Marcos Hiller
23 de outubro de 2013
Só no Brasil fogão tem tampa. No sul do Brasil, uma parcela
da população come pizza com maionese. No Rio de Janeiro, se tem o hábito de
colocar catchup na pizza. Peça catchup numa pizzaria tradicional da cidade de
São Paulo para você ver a olhada de repressão que o garçom te dará. Em algumas
regiões do Nordeste se tem o costume de comer catchup no meio do feijão com
arroz. Só no Brasil, alguns carros modelo SUV, como a EcoSport, por exemplo,
possuem aquele pneu do step afixado na traseira do veículo à mostra para os
demais motoristas da rua verem e, geralmente, envolvidos com capas estilizadas
ou até personalizadas.
Só no Brasil máquina de lavar tem a abertura na parte
superior e, geralmente com tampa de vidro, para a dona de casa brasileira poder
ver a roupa revirando pra lá e pra cá, limpando e lavando. Há quem diga que uma
parcela de pessoas que usam dentadura no estado de Mato Grosso do Sul tem o
costume de colocar aparelho dentário na dentadura, justamente para que o fato
de possuir aparelho tente negar a existência de uma prótese dentária. No
Brasil, a cor do luto é o preto e no Japão a cor do luto é o branco (vi isso
outro dia numa cena de funeral em um dos filmes do Bruce Lee).

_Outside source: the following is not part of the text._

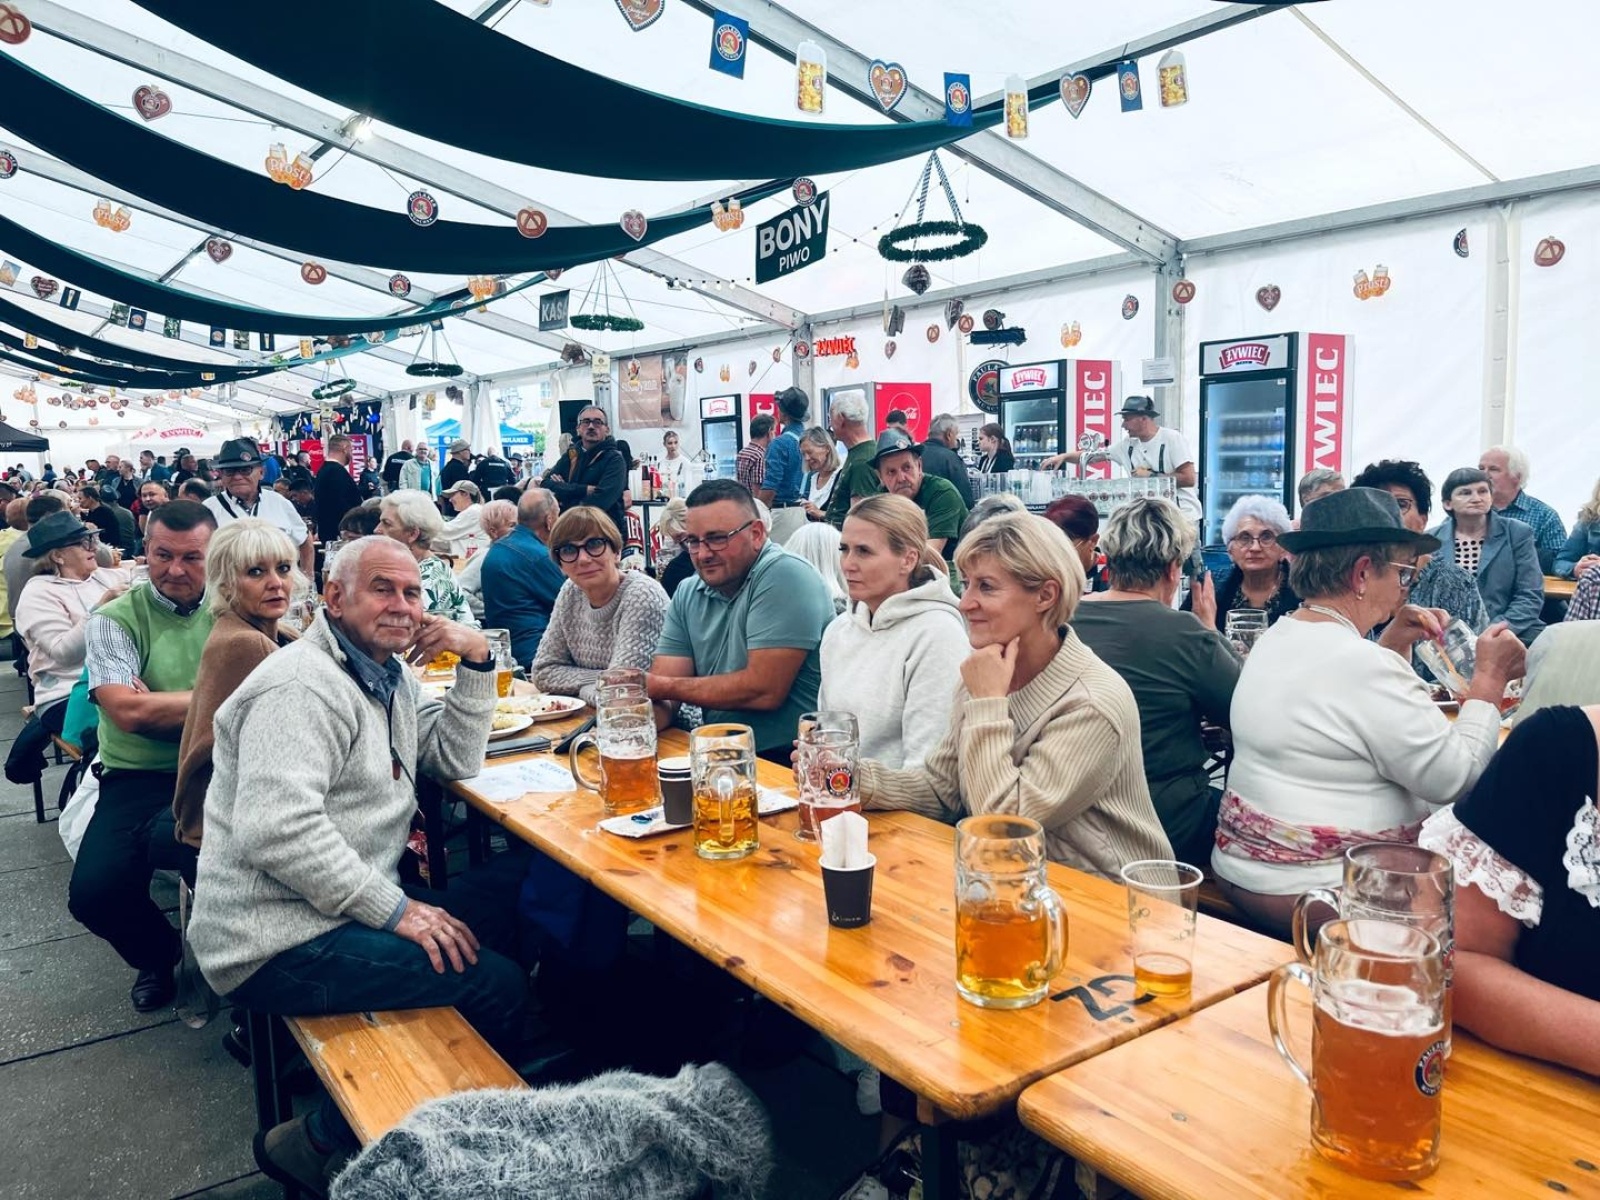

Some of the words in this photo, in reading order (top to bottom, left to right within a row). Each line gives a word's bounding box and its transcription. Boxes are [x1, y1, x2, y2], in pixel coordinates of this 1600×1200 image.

Todos esses fatos, por mais esquisitos e até mesmo
pitorescos que possam parecer, se dão fortemente por conta de um elemento
chamado cultura. Estudar marketing, comunicação, branding e práticas do consumo
em geral nos requer cada vez mais, na contemporaneidade, que compreendamos a
cultura do consumidor. E o que é a cultura? Nada mais é do que esse acervo de
conhecimentos que modela e modula boa parte das relações entre as pessoas.
Cultura é aquele elemento central formado por uma mistura de questões sociais,
econômicas, políticas de um determinado grupo.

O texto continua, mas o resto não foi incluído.